*TRY IT:*
Your output should be the line with "this 960×1280 image." and all following lines of the data below, through the end, repeated exactly.

++++++++++++++++++++

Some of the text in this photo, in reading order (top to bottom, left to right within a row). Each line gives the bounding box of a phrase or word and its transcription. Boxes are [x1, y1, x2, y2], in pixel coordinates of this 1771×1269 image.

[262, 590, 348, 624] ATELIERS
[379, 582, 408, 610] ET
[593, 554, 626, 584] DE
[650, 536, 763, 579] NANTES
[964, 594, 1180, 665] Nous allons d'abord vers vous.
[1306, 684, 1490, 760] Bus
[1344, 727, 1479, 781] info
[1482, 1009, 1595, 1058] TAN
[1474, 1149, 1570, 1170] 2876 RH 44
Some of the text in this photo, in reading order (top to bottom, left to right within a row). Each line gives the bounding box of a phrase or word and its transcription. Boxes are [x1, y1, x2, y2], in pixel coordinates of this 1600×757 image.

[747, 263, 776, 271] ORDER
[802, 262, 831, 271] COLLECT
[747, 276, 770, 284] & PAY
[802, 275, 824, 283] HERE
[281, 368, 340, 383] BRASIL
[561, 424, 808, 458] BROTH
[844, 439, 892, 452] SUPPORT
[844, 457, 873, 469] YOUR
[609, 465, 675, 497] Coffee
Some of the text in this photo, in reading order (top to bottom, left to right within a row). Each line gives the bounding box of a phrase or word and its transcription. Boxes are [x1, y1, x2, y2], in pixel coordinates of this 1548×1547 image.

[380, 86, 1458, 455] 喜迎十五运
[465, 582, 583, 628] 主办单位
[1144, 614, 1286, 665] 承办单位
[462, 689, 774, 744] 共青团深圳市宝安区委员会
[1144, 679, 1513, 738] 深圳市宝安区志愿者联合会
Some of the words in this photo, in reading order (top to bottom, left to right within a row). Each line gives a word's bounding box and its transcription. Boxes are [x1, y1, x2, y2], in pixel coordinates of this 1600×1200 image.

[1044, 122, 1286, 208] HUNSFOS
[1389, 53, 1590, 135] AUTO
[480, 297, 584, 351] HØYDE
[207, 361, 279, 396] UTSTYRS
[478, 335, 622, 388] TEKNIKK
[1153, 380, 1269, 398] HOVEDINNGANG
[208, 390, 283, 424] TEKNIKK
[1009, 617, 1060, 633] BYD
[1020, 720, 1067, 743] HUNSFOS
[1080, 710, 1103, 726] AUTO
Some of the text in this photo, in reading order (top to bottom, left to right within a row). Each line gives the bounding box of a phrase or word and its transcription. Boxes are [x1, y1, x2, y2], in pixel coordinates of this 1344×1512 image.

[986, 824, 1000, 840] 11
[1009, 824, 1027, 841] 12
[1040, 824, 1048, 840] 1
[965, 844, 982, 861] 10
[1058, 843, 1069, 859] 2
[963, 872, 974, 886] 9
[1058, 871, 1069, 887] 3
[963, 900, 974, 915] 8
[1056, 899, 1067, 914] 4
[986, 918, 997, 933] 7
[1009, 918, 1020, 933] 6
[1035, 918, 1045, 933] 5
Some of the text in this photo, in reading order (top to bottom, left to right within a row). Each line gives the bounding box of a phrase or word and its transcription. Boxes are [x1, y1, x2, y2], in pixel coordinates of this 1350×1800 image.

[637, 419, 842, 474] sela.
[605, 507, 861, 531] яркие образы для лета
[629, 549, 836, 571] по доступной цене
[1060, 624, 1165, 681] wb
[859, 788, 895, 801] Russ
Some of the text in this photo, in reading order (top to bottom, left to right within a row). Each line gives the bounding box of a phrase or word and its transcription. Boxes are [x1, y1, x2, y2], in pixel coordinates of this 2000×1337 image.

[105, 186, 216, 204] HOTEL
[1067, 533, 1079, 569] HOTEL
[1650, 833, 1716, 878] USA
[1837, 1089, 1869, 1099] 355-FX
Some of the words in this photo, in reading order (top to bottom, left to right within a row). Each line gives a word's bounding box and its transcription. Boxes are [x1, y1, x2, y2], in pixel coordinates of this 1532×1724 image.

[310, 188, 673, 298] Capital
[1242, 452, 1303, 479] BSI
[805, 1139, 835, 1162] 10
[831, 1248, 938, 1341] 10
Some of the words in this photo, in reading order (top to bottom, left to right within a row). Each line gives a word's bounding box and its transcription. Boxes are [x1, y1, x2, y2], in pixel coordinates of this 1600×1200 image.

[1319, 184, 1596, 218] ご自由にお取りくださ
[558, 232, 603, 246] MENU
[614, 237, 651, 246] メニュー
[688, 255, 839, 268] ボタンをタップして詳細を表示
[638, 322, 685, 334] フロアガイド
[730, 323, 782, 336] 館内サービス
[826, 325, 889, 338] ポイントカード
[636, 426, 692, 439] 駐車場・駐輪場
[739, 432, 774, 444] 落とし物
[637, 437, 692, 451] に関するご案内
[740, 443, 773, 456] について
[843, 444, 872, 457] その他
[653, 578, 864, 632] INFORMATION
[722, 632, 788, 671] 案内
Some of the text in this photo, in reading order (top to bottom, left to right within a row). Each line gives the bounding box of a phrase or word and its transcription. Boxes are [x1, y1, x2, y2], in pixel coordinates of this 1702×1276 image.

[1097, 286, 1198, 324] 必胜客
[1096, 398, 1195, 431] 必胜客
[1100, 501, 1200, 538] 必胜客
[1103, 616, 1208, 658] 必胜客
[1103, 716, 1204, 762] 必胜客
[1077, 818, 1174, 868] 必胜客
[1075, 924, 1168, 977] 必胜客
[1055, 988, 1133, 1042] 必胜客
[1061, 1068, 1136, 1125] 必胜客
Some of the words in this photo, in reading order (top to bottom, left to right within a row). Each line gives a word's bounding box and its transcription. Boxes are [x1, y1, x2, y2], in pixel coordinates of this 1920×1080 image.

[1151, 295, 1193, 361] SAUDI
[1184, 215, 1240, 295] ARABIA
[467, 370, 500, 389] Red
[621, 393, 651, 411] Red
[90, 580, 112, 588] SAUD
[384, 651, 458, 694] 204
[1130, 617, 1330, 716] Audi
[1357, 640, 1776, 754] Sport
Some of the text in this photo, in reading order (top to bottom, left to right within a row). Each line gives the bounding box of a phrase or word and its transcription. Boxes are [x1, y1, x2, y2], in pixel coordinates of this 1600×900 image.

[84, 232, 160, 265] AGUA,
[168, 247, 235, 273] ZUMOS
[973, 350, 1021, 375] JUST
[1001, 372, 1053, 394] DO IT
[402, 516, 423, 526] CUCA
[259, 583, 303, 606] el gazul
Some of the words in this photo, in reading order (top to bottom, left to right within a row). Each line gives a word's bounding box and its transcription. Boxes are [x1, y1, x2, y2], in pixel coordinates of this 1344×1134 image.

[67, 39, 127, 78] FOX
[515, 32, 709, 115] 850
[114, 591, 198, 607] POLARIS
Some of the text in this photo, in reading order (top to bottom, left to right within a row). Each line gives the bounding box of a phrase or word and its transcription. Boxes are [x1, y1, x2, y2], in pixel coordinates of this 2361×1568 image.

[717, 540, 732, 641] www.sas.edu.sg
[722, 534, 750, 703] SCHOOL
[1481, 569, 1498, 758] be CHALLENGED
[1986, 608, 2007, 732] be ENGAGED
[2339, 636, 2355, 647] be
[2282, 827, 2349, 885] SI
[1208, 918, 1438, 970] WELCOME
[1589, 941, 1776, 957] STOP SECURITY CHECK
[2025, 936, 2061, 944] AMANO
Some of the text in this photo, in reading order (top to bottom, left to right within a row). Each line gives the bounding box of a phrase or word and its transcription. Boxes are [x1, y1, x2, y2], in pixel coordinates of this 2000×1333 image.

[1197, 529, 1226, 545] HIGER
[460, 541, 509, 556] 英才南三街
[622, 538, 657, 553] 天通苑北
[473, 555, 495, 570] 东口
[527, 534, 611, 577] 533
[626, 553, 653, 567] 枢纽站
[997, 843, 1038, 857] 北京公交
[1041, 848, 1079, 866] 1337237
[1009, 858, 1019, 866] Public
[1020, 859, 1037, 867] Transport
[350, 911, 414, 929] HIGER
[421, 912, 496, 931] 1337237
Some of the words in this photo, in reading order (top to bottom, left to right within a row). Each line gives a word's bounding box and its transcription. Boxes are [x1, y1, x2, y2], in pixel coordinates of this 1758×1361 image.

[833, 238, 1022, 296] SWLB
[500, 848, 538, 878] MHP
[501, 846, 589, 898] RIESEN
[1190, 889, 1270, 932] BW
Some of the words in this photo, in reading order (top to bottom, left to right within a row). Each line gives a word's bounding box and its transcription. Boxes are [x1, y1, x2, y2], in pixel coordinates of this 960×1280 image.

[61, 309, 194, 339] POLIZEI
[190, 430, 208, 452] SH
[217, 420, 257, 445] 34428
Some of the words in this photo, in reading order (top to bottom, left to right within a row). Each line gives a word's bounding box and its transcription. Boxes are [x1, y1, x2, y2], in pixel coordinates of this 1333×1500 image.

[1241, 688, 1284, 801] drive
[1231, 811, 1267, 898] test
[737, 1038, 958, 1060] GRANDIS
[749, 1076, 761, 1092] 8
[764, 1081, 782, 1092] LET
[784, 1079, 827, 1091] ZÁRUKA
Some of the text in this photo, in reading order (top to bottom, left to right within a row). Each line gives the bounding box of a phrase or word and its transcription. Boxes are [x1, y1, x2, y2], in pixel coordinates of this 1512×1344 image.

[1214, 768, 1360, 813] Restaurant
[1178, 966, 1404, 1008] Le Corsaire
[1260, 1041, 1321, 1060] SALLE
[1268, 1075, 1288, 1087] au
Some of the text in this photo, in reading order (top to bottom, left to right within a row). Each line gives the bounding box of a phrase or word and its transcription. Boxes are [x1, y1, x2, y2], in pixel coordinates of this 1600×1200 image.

++++++++++++++++++++

*WRITTEN ANSWER:*
Some of the words in this photo, in reading order (top to bottom, left to right within a row). Each line gives a word's bounding box and its transcription. Boxes are [x1, y1, x2, y2], in pixel coordinates of this 960×1280 image.

[61, 309, 194, 339] POLIZEI
[190, 430, 208, 452] SH
[217, 420, 257, 445] 34428
Some of the words in this photo, in reading order (top to bottom, left to right within a row). Each line gives a word's bounding box and its transcription. Boxes are [x1, y1, x2, y2], in pixel coordinates of this 1333×1500 image.

[1241, 688, 1284, 801] drive
[1231, 811, 1267, 898] test
[737, 1038, 958, 1060] GRANDIS
[749, 1076, 761, 1092] 8
[764, 1081, 782, 1092] LET
[784, 1079, 827, 1091] ZÁRUKA
Some of the text in this photo, in reading order (top to bottom, left to right within a row). Each line gives the bounding box of a phrase or word and its transcription. Boxes are [x1, y1, x2, y2], in pixel coordinates of this 1512×1344 image.

[1214, 768, 1360, 813] Restaurant
[1178, 966, 1404, 1008] Le Corsaire
[1260, 1041, 1321, 1060] SALLE
[1268, 1075, 1288, 1087] au
Some of the text in this photo, in reading order (top to bottom, left to right within a row). Each line gives the bounding box of a phrase or word and its transcription. Boxes are [x1, y1, x2, y2], in pixel coordinates of this 1600×1200 image.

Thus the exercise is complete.